[Met_help] [rt.rap.ucar.edu #63061] History for further information on MODE output

Thu Sep 19 09:50:39 MDT 2013

----------------------------------------------------------------
  Initial Request
----------------------------------------------------------------

Dear met_help,

I'm trying to fully understand the outputs MODE creates but I couldn't
find what I'm looking for in the publications (Davis 2006 - part 1 and
part 2).

My question is regarding the ASCII file that contains the contingency
table counts and statistics. In sec 6.3.3. of the manual for v4.0
(http://www.dtcenter.org/met/users/docs/users_guide/MET_Users_Guide_v4.0.1.pdf)
at page 119, it says:
This file consists of 4 lines. The first is a header line containing
column names. The second line contains data comparing the two raw
fields after any masking of bad data or based on a grid or lat/lon
polygon has been applied. The third contains data comparing the two
fields after any raw thresholds have been applied. The fourth, and
last, line contains data comparing the derived object fields scored
using traditional measures.

If I understand correctly, the 2nd and 3rd line do not consider the
objects created by MODE. The 2nd line applies the definitions for (i)
mask_missing_flag and (ii) mask [ grid, grid_flag, poly, poly_flag ]
from the MODE configuration file. The 3rd line includes what has been
applied to line #2 (i, ii) plus the value of (iii) raw_thresh from the
configuration file. The results obtained in both 2nd and 3rd line are
a simple grid to grid (obs to forecast) comparison. In other words,
the gridcell (1,1) from obs file is compared to gridcell (1,1) from
forecast.
 The 4th line is when the objects are considered. But I don't
understand how the counts for the contingency table are made. Is it
simply considering the gridcell values inside the objects, ignoring
the values outside the objects, and comparing the gridcells of obs to
the equivalent gridcells of forecast (like I assumed it was done for
lines 2 and 3)?
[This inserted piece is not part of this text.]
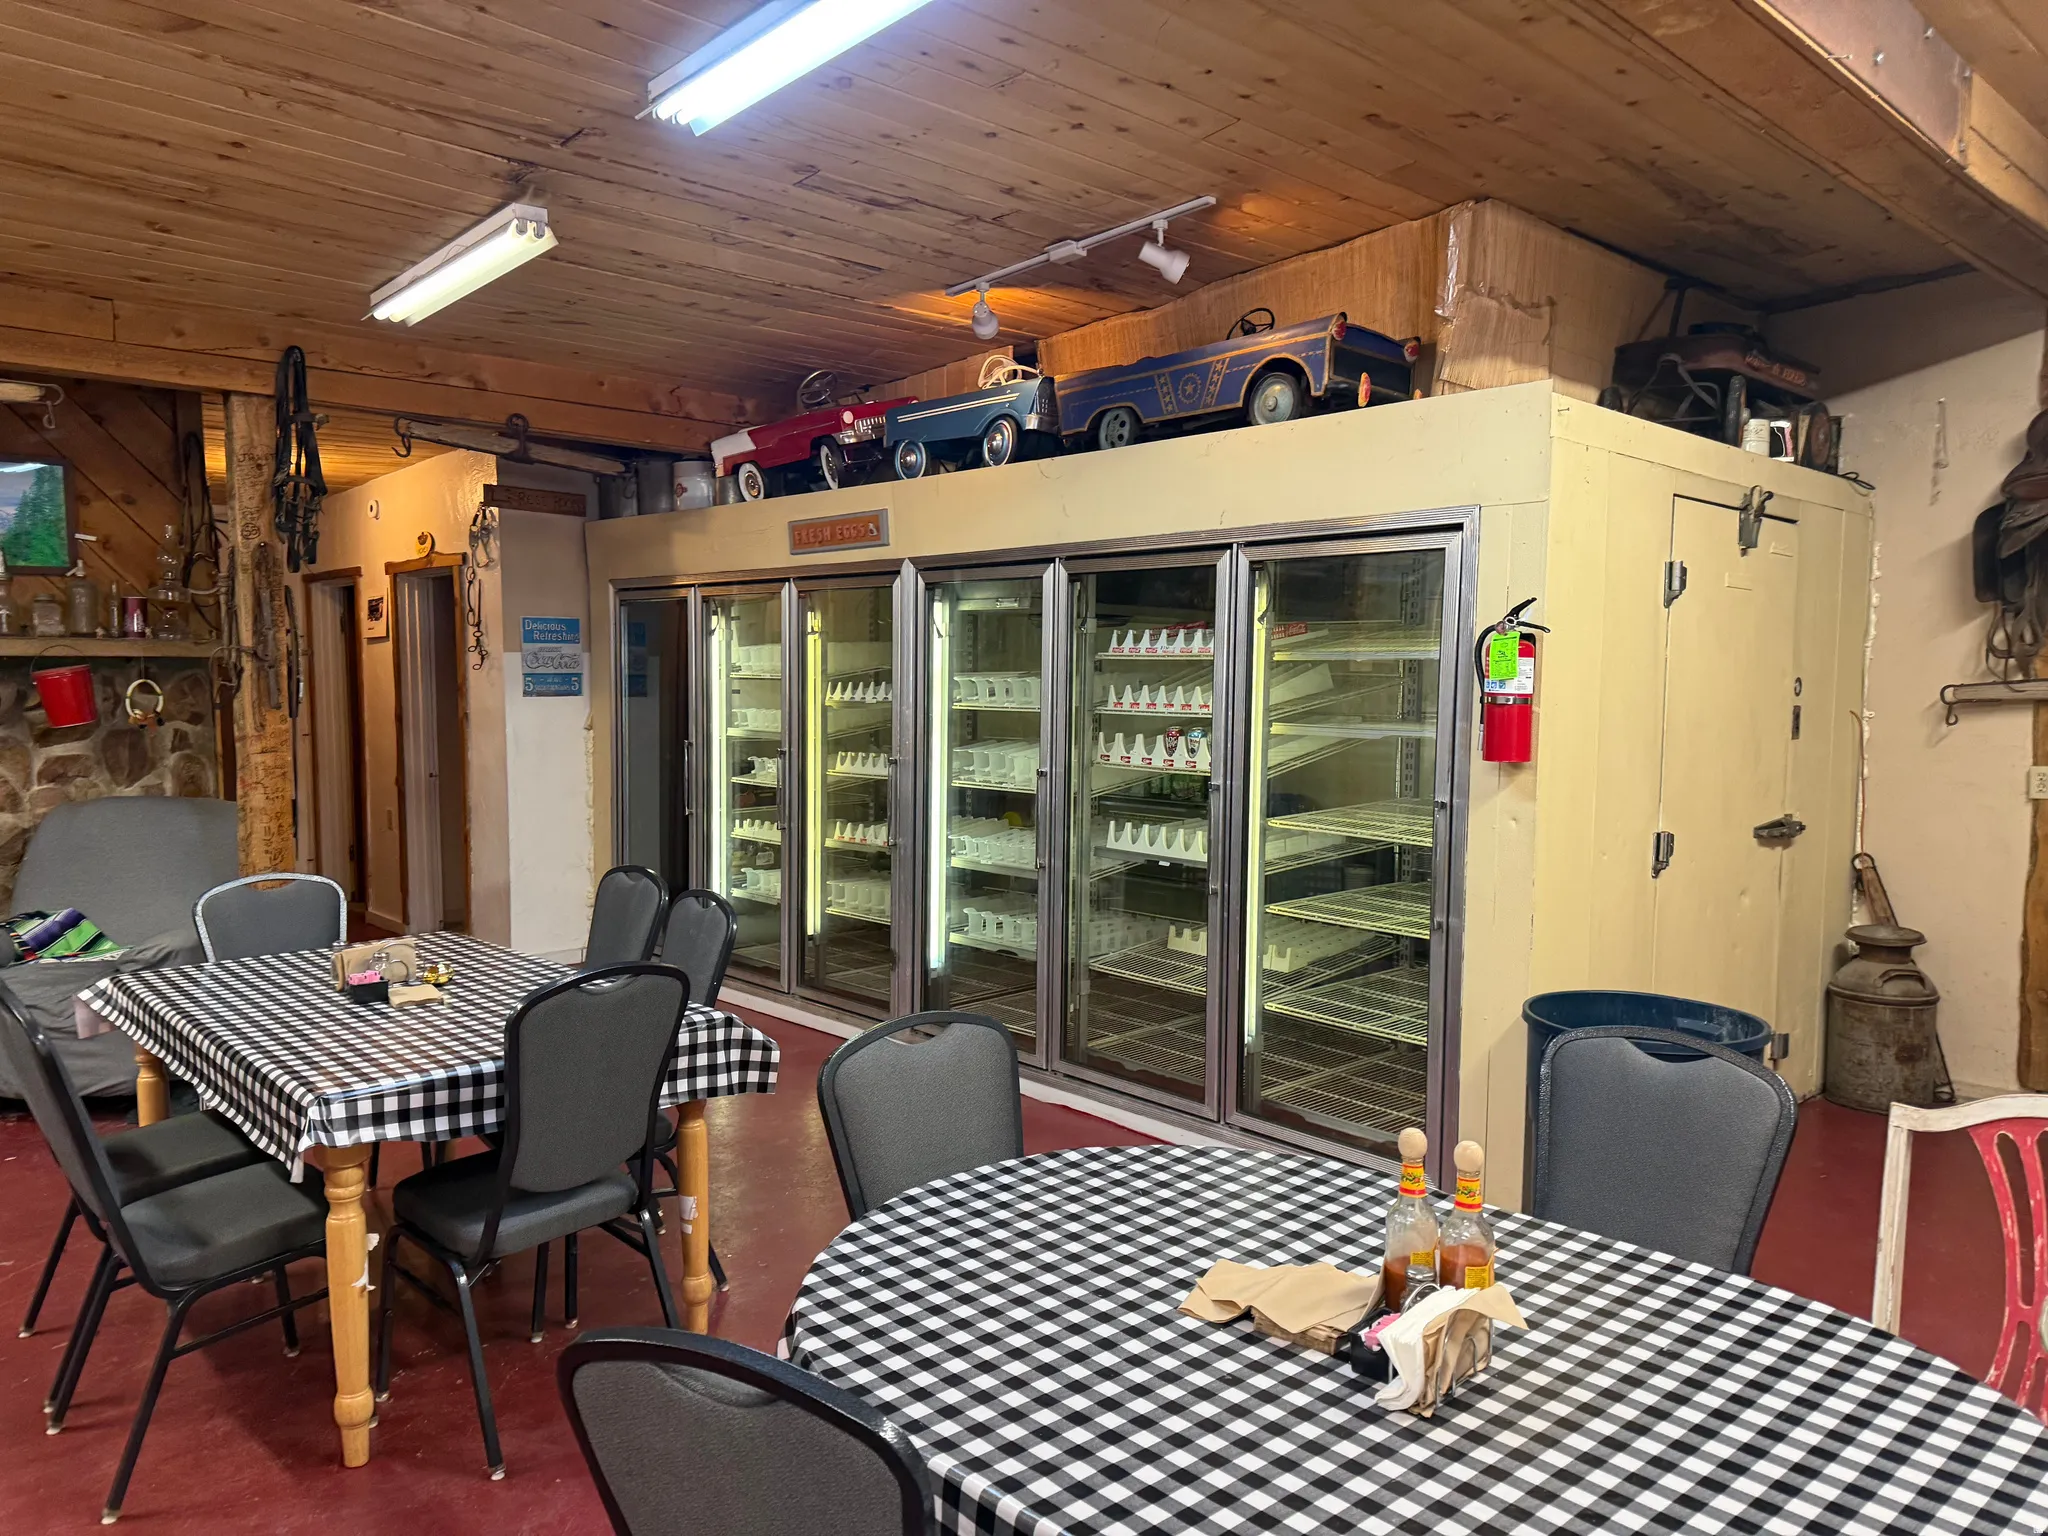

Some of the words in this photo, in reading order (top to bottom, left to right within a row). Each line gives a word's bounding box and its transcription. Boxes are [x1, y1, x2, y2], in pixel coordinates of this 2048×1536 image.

Or it it shifting the objects to match the centroids
and then comparing the gridcells relative to this new positioning?

Thanks again,

Maria Eugenia B. Frediani
-------------------------------------------------------------------------------------
PhD Candidate
University of Connecticut
School of Engineering
261 Glenbrook Rd
Storrs, CT 06269
maria.frediani at uconn.edu

----------------------------------------------------------------
  Complete Ticket History
----------------------------------------------------------------

Subject: Re: [rt.rap.ucar.edu #63061] further information on MODE output
From: John Halley Gotway
Time: Wed Sep 18 11:29:51 2013

Maria,

I see that you're asking about the contingency table statistics output
from MODE.  The intention here is to provide some statistics with
which users may be familiar as a point of comparison.  When you
apply a threshold to a field of data in verification, you typically
look at the a 2x2 contingency table and the statistics that can be
derived from such a table, like Probability of Detection (PODY)
and Critical Success Index (CSI) for example.

The file containing these counts and statistics ends with "_cts.txt".
It contains 3 lines of data that are distinguished by the entry in the
"FIELD" column.  That column contains the values "RAW",
"FILTER", and "OBJECT".  In all cases, these 2x2 contingency table are
computed on a grid-point by grid-point basis.  There difference
between them is the field that was processed to compute the
counts and stats.

Your description of the RAW and FILTER lines looks accurate to me.
Generally, these values will be identical unless a "raw_thresh" has
been applied.  The vast majority of the time, this isn't
necessary.  This came up during an evaluation of a convective weather
forecast.  The forecast field contained areas of a 35 dBZ reflectivity
and higher surrounded by a bunch of 0's.  They weren't
forecasting reflectivities below 35 dBZ.  The observations, on the
other hand, contained areas of 35 dBZ surrounded by areas of
reflectivity less than that.  Due the difference in the data, the
smoothing and thresholding operations of MODE resulted in much smaller
forecast objects than observation objects.  Values of 35 surround by
0's yields smaller objects than values of 35 surrounded by
34, 33, 32, and so on.  In this case, we applied the raw_thresh to the
observation field and threw out any values less than 35.  That way,
the object definition process treated the forecast and
observation fields the same.

That's a long explanation for the utility of the raw_thresh option.
Most users will be comparing continuous forecast and observation
fields that are defined in the same way.  If the raw_thresh is not
used the RAW and FILTER CTS lines will be identical.

Lastly, the OBJECT line contains counts that are computed grid-point
by grid-point over the field of resolved objects.  If an object exists
at the point, then the event is occurring.  If not, there's
no event.  The matching/merging of objects has no impact here.  It's
just checking grid-point by grid-point to see if an object exists in
the forecast and observation fields, and deriving a 2x2
contingency table in the process.

Now, to confuse you further :) there's another way some people have
analyzed the output of MODE.  Take a look at this page for the
mode_summary.R script:
    http://www.dtcenter.org/met/users/downloads/analysis_scripts.php

This script reads through many MODE output files and sums up the
counts and areas of matched and unmatched objects in the output.  One
could choose to define a 2x2 contingency table from the counts or
areas of these matched/unmatched objects.  It's straight-forward to
pick out hits ((matched forecast objects + matched observation
objects)/2), misses (unmatched observation objects), and false alarms
(unmatched forecast objects).  But it's more difficult to pick the 4th
cell of the contingency table, correct negatives.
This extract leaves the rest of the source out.